2541 日常の光景

物思いに耽る(雑感)

賞を受けたり、何かの取材を受けると、その人の略歴を振り返りつつ、その人にまつわる写真が紹介されることがある。そんな写真からは、その人の普段の仕事ぶりとか、日常の光景、生活が垣間見える。

で、ふと自分の場合を考える。

そういえば僕の日常の光景ってないなぁ…と。もっとも、そんな心配をするような取材を受けることなどないんだけれど、僕自身の、ごく日常の生活に関する写真はまったくないことに気づく。

ふつうに仕事しているときのような写真とか、ふだんの生活をしているようなときの写真って、あまり撮るようなことはないと思うのだけど、一般的にはどうなんだろう。

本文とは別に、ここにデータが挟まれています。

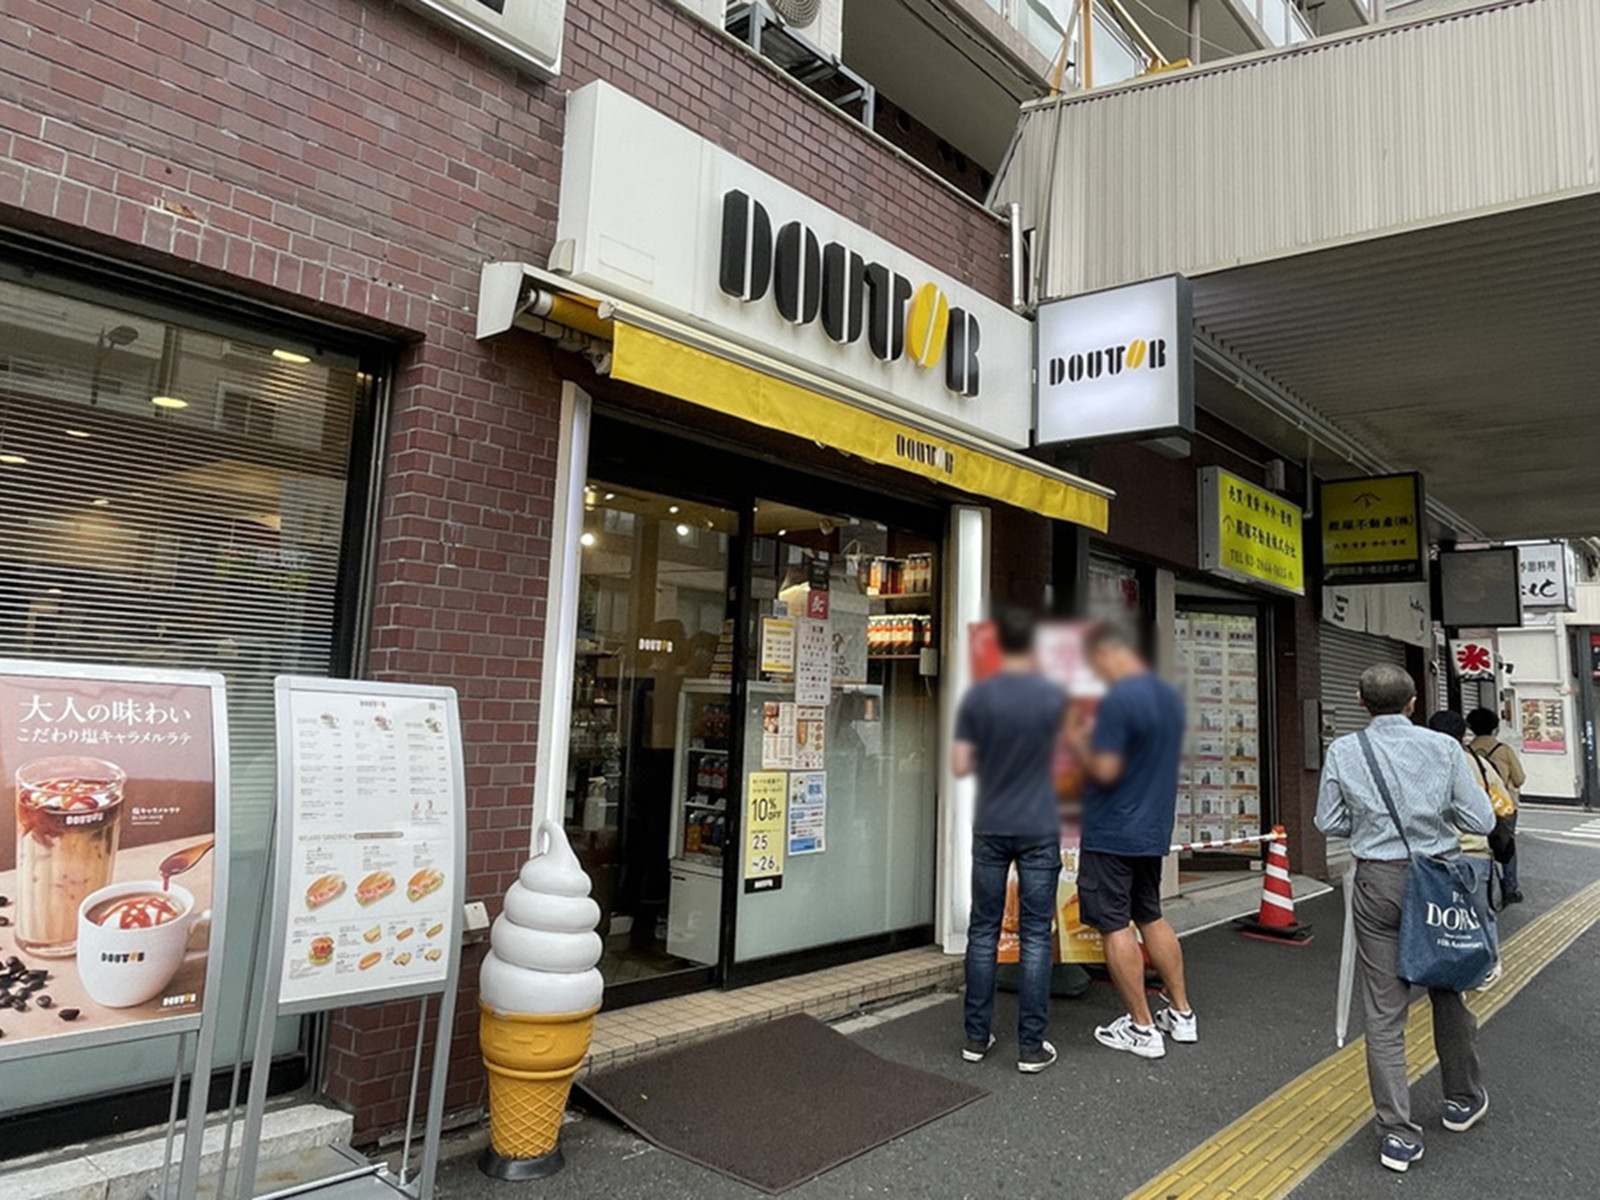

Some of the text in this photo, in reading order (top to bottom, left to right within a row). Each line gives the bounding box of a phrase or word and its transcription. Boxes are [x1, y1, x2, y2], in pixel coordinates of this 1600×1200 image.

[719, 189, 981, 397] DOUTOR
[1050, 339, 1166, 386] DOUTOR
[19, 694, 192, 726] 大人の味わい
[17, 728, 192, 746] こだわり塩キャラメルラテ
[752, 834, 768, 850] 25

そもそも、自分が被写体になることをあまり好まないということもあって、ますます写真に残らないのかもしれない。

写真と言えば、普段からデジカメを持ち歩いて、“気になる光景”を写真に収めている。

逆に言えば、気にならなければ、写真を撮ろうとはしない。「気にならない」は、すなわち「日常の光景」は、結局写真に残ることはない。

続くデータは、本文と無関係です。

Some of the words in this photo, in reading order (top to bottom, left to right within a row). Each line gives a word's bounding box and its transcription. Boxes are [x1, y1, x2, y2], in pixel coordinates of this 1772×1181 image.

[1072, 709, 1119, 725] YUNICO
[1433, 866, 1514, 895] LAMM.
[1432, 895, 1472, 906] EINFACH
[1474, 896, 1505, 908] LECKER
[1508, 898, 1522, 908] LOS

ときどき、見慣れた建物(いや正確に言えば意識していなかった建物)が取り壊されて更地になったときに初めて「あれ、ここに何があったっけ?」と気が付くことは多い。これも日常が非日常になった瞬間であり、新しい日常の始まりと言える。昨日までの日常は非日常となる。もう被写体としての非日常の光景を撮ることは絶対にできないのだ。

非日常ばかりに気を取られていると、大事な日常を見落としてしまっていることもありそうだ。